> **Activity**
All of the entries are to be repeated exactly, with no pictures included.

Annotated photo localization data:
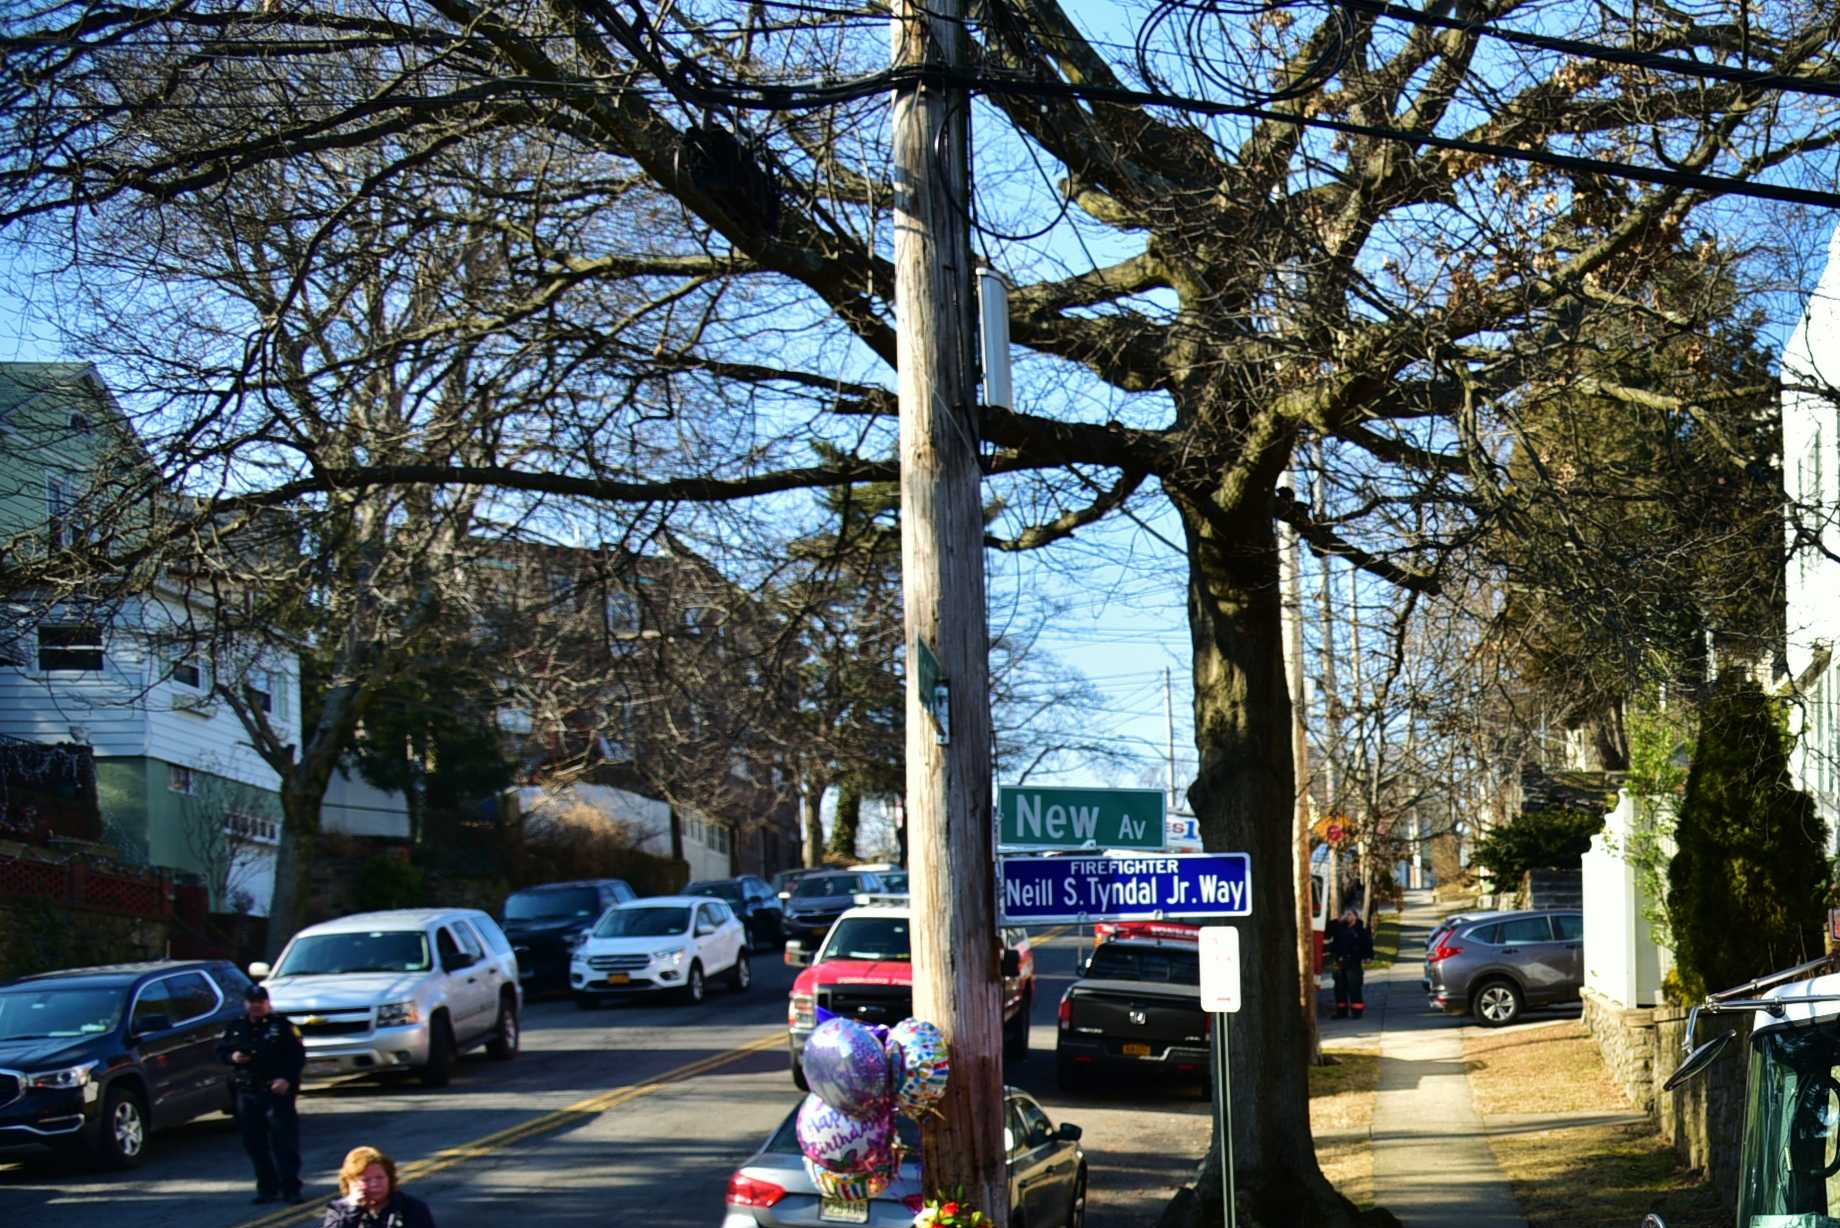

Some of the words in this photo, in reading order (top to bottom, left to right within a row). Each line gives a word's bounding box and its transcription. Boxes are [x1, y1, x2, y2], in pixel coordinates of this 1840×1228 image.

[1016, 794, 1100, 839] New
[1118, 814, 1147, 840] Av
[1070, 859, 1179, 875] FIREFIGHTER
[1005, 878, 1053, 907] Neill
[1063, 876, 1084, 907] S.
[1087, 876, 1157, 911] Tyndal
[1166, 874, 1197, 905] Jr.
[1199, 875, 1245, 911] Way
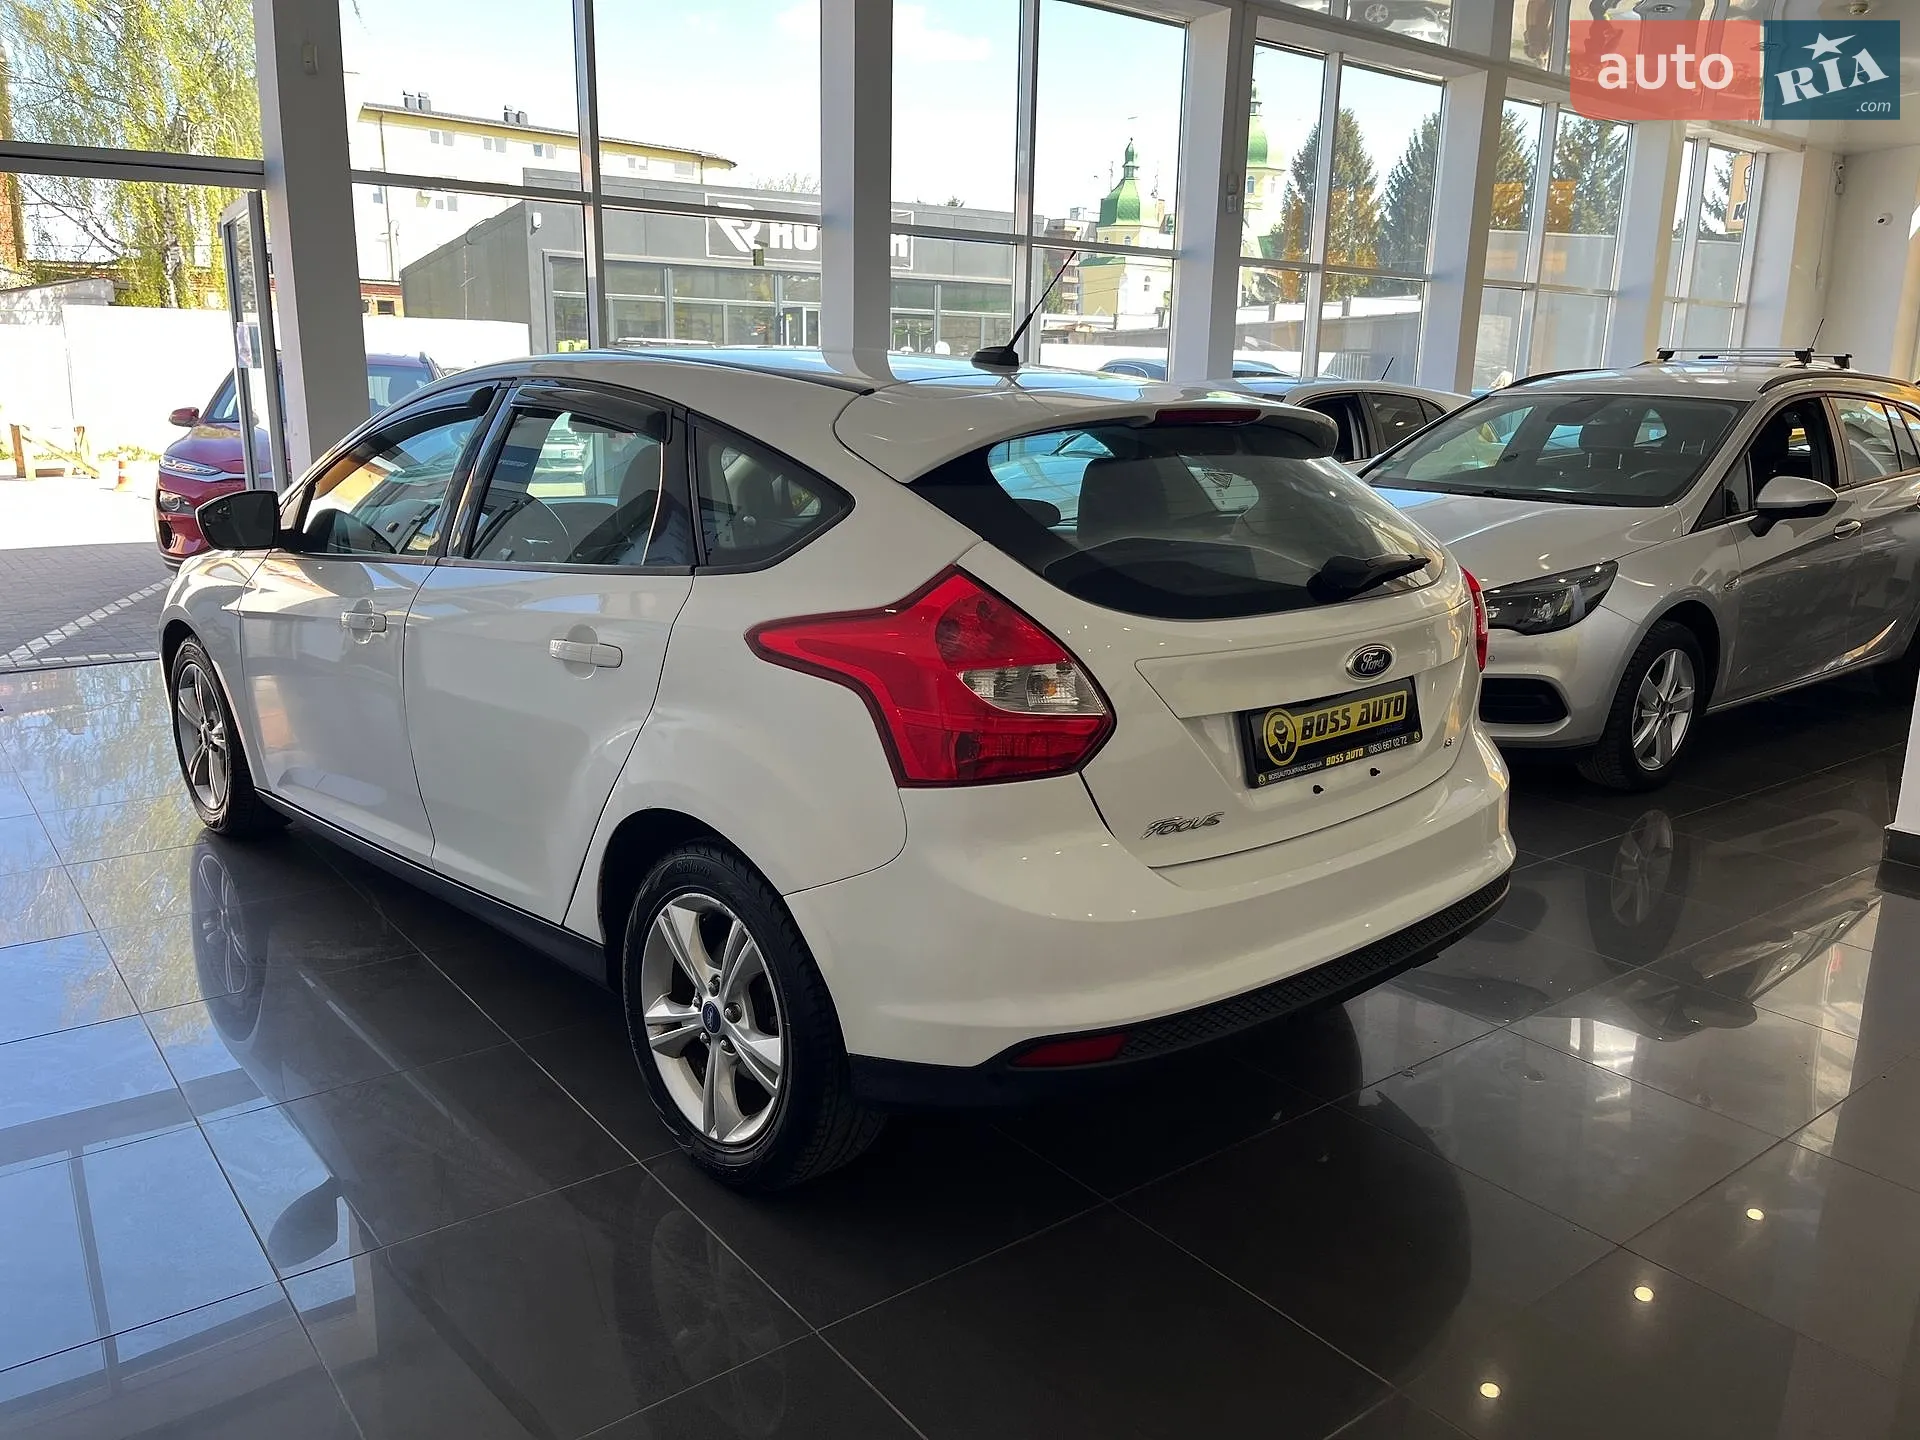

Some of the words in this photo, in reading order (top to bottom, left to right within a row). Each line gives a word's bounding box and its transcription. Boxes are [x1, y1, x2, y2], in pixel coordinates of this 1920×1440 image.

[1361, 652, 1385, 672] Ford
[1300, 707, 1352, 741] BOSS
[1357, 695, 1404, 727] AUTO
[1326, 752, 1344, 766] BOSS
[1346, 748, 1364, 760] AUTO
[1393, 737, 1400, 747] 02
[1400, 735, 1408, 745] 72

> **Final answer**
Some of the words in this photo, in reading order (top to bottom, left to right within a row). Each line gives a word's bounding box and its transcription. Boxes are [x1, y1, x2, y2], in pixel coordinates of this 1840×1228 image.

[1016, 794, 1100, 839] New
[1118, 814, 1147, 840] Av
[1070, 859, 1179, 875] FIREFIGHTER
[1005, 878, 1053, 907] Neill
[1063, 876, 1084, 907] S.
[1087, 876, 1157, 911] Tyndal
[1166, 874, 1197, 905] Jr.
[1199, 875, 1245, 911] Way

Some of the words in this photo, in reading order (top to bottom, left to right within a row). Each line gives a word's bounding box and its transcription. Boxes are [x1, y1, x2, y2], in pixel coordinates of this 1920×1440 image.

[1361, 652, 1385, 672] Ford
[1300, 707, 1352, 741] BOSS
[1357, 695, 1404, 727] AUTO
[1326, 752, 1344, 766] BOSS
[1346, 748, 1364, 760] AUTO
[1393, 737, 1400, 747] 02
[1400, 735, 1408, 745] 72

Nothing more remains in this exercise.